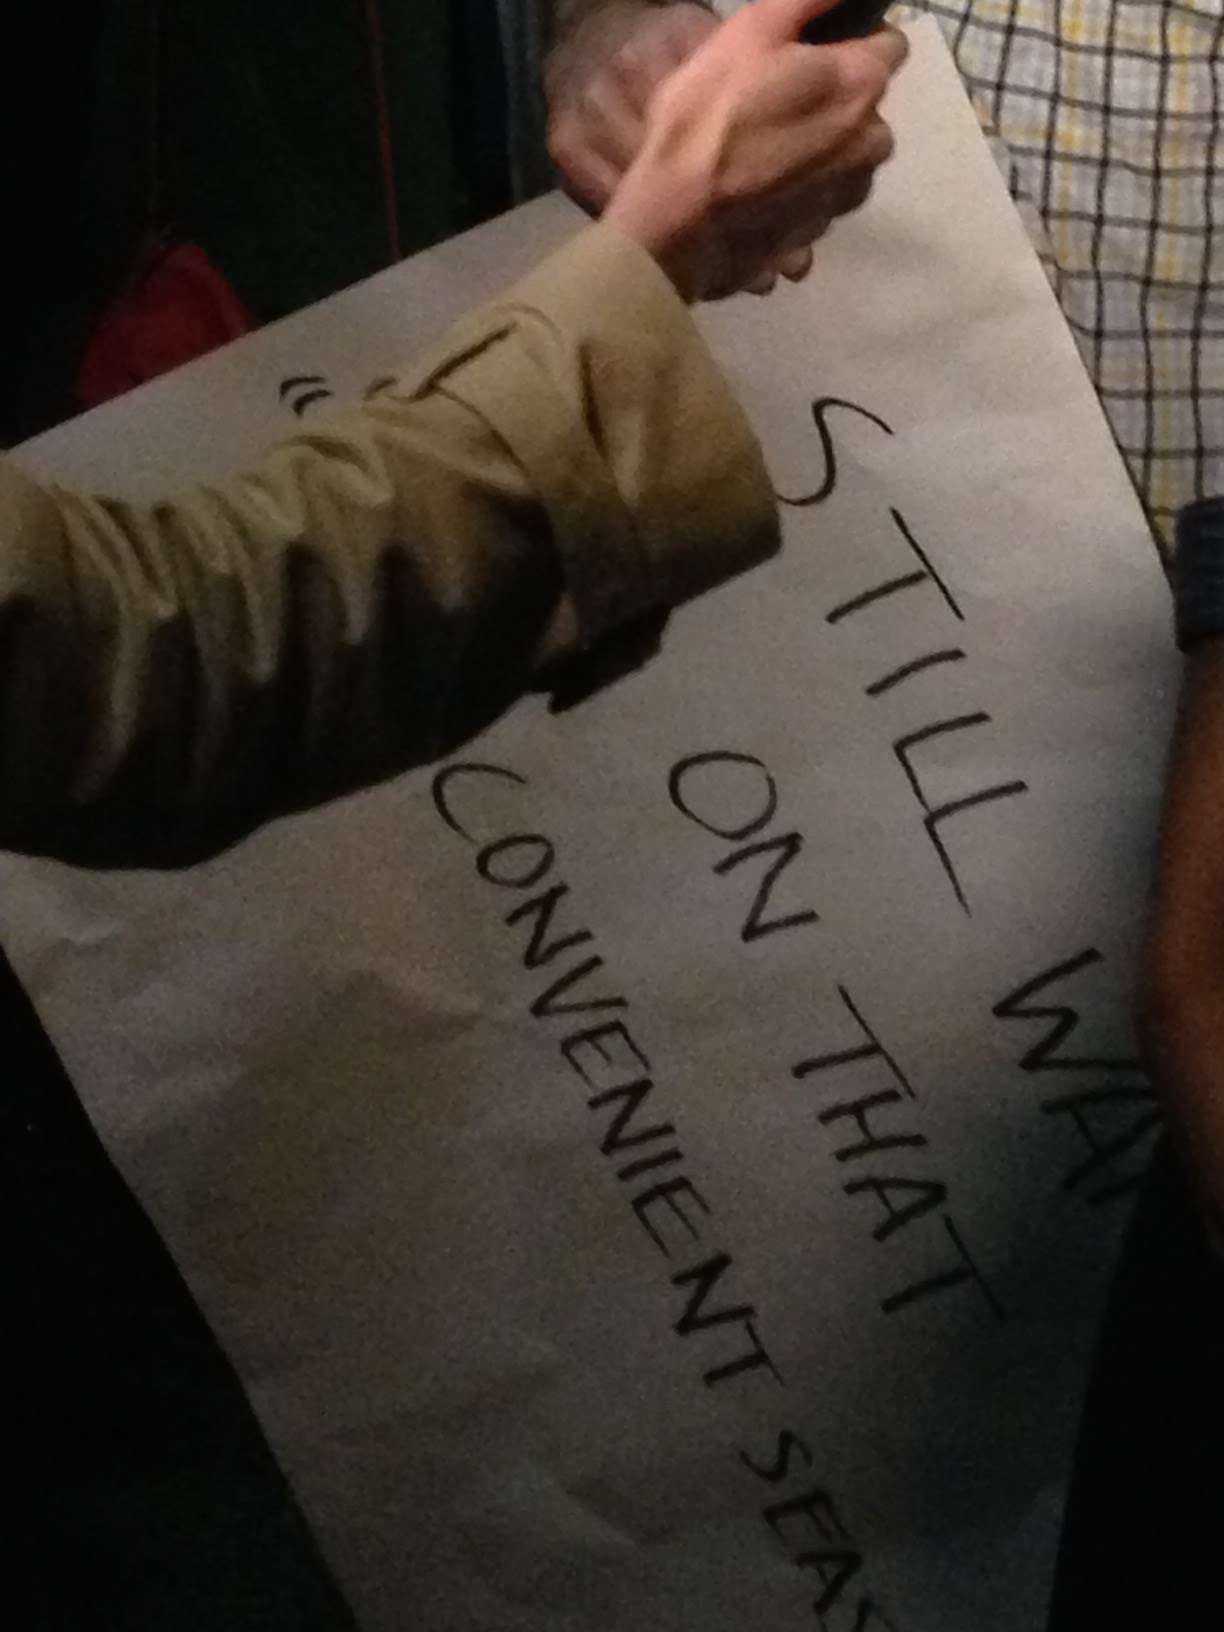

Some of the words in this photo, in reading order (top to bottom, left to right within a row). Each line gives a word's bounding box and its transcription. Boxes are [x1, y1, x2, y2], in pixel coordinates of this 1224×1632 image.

[774, 396, 1028, 919] STILL
[431, 763, 785, 1386] CONVENIENT
[668, 750, 820, 942] ON
[792, 984, 1004, 1320] THAT

Work instruction: The preceding listing is to be restated word for word, with every picture omitted.

Your solution:
Some of the words in this photo, in reading order (top to bottom, left to right within a row). Each line gives a word's bounding box and its transcription. Boxes are [x1, y1, x2, y2], in pixel coordinates of this 1224×1632 image.

[774, 396, 1028, 919] STILL
[431, 763, 785, 1386] CONVENIENT
[668, 750, 820, 942] ON
[792, 984, 1004, 1320] THAT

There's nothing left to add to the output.